WHAT TO DO :: Output every line below exactly, please, omitting pictures.

╭──

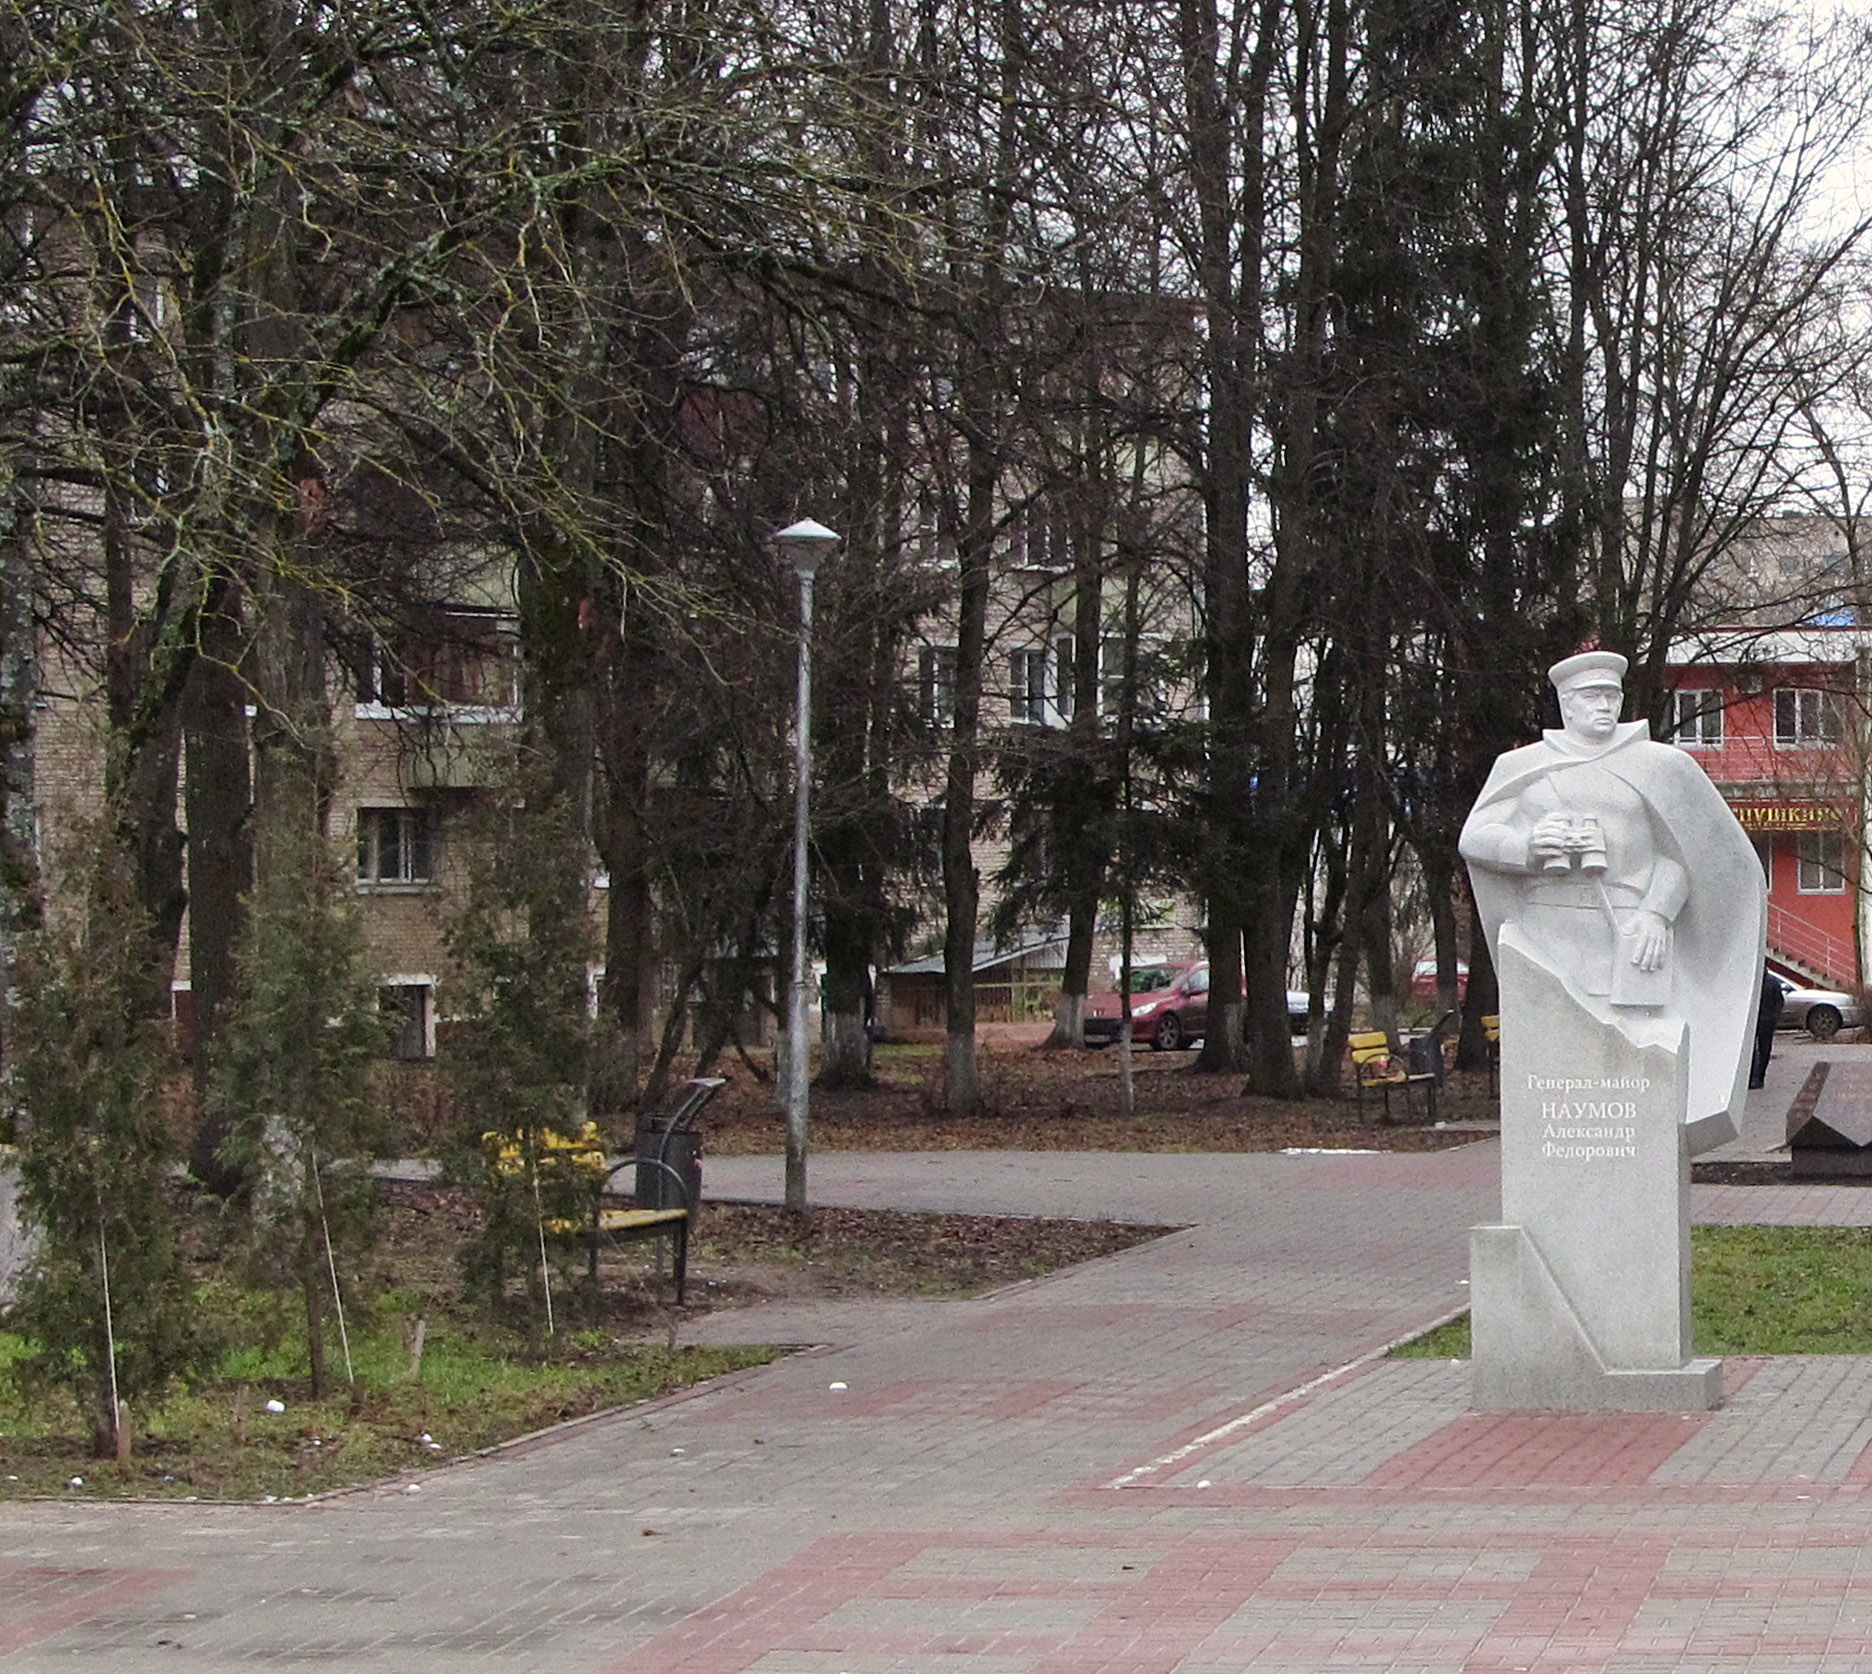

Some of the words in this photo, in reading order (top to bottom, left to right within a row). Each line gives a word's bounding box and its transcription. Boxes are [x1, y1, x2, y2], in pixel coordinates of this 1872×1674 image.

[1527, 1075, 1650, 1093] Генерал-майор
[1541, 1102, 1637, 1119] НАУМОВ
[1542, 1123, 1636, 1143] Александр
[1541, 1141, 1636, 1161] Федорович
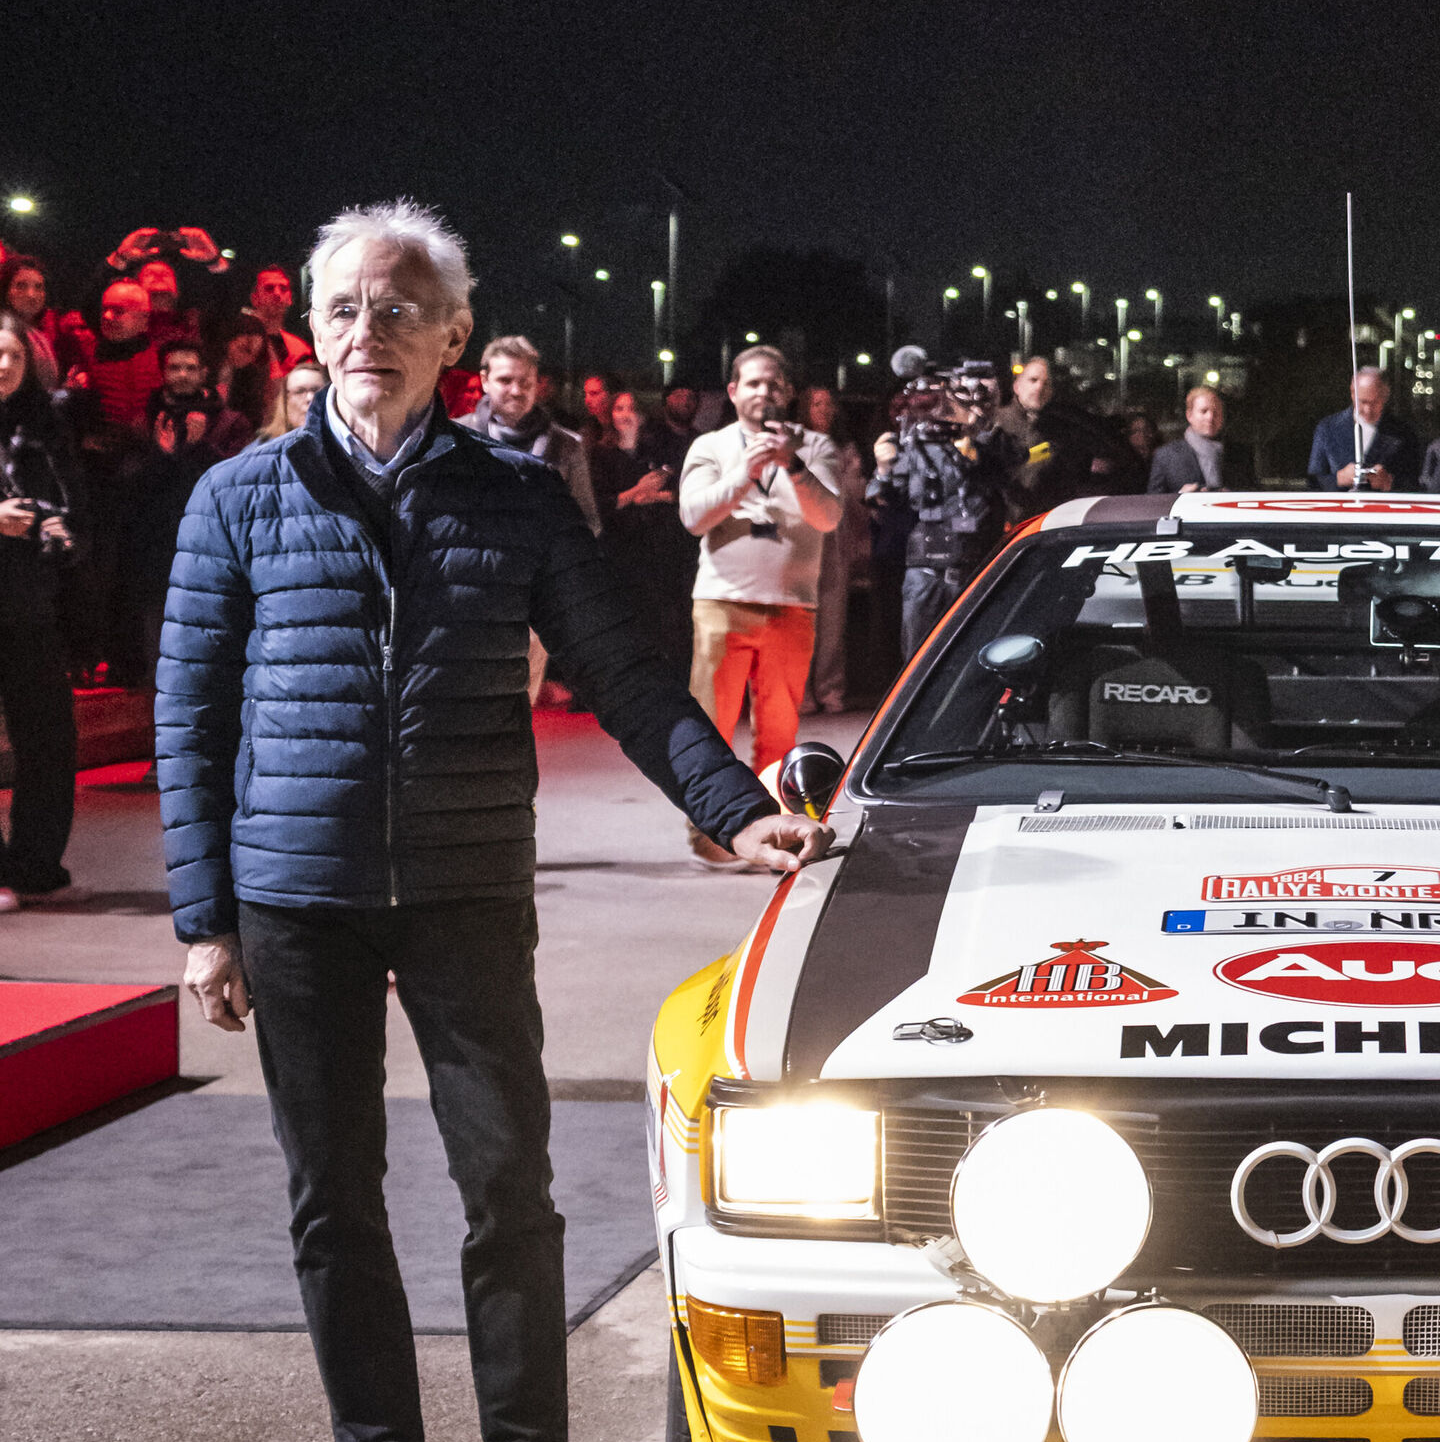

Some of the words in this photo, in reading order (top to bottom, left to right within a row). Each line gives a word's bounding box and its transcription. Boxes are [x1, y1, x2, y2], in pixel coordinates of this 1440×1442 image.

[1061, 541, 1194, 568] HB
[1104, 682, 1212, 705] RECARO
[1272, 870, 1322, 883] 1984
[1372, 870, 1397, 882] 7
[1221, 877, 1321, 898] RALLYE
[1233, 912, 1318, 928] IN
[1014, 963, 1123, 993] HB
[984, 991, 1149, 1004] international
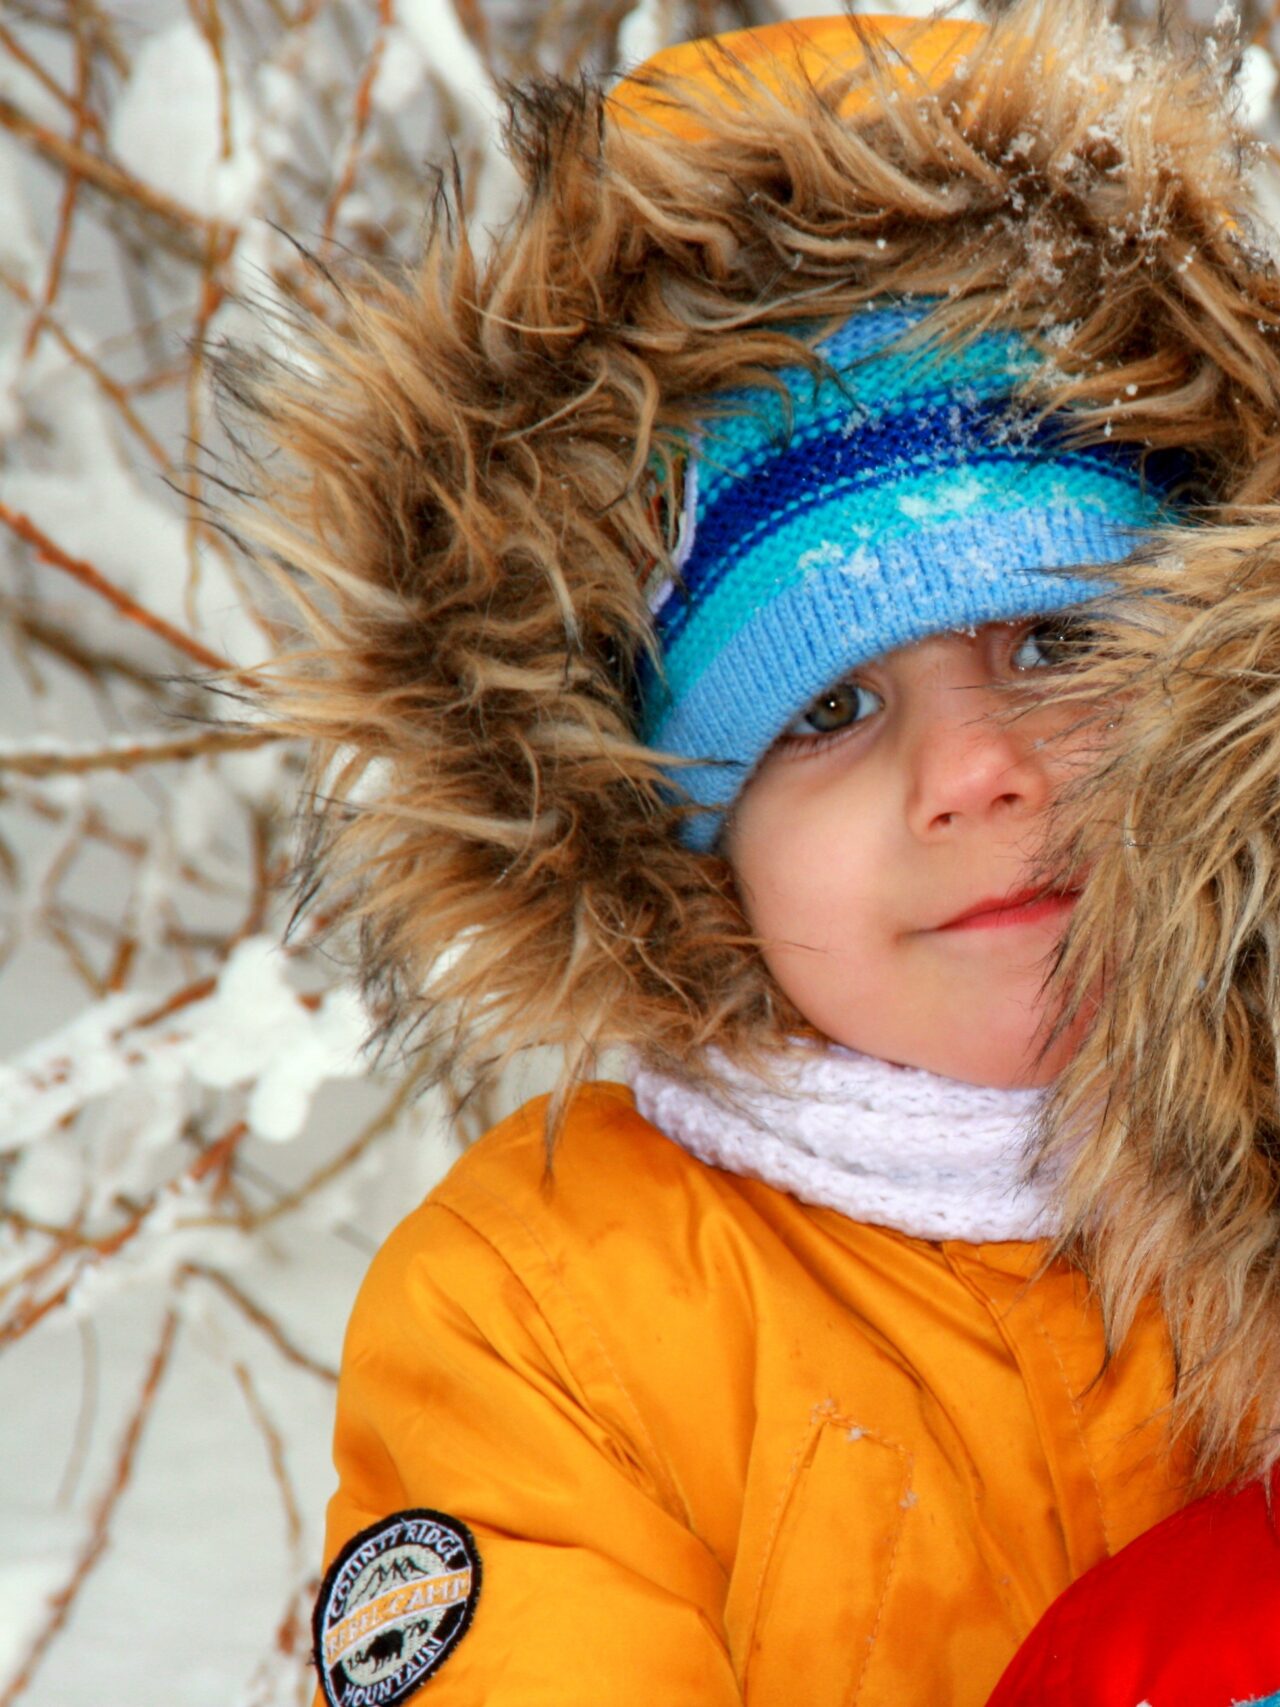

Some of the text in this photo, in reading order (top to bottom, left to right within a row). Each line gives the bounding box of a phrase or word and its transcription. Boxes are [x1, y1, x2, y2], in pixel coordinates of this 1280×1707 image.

╰──

ANSWER AREA ::
Some of the words in this photo, in reading order (top to bottom, left to right within a row). Each line gives a word's bounding box and its transcription. Boxes are [x1, y1, x2, y2], in pixel coordinates of this 1872×1674 image.

[1527, 1075, 1650, 1093] Генерал-майор
[1541, 1102, 1637, 1119] НАУМОВ
[1542, 1123, 1636, 1143] Александр
[1541, 1141, 1636, 1161] Федорович

Some of the words in this photo, in reading order (top to bottom, left to right within a row). Each line gives a word's bounding box and its transcription. Boxes are [x1, y1, x2, y2], in pixel coordinates of this 1440×1442 image.

[1061, 541, 1194, 568] HB
[1104, 682, 1212, 705] RECARO
[1272, 870, 1322, 883] 1984
[1372, 870, 1397, 882] 7
[1221, 877, 1321, 898] RALLYE
[1233, 912, 1318, 928] IN
[1014, 963, 1123, 993] HB
[984, 991, 1149, 1004] international

Some of the text in this photo, in reading order (top to bottom, left to right within a row). Each line gives the bounding box of a phrase or word and its transcription. Boxes are [x1, y1, x2, y2], in pixel coordinates of this 1280×1707 image.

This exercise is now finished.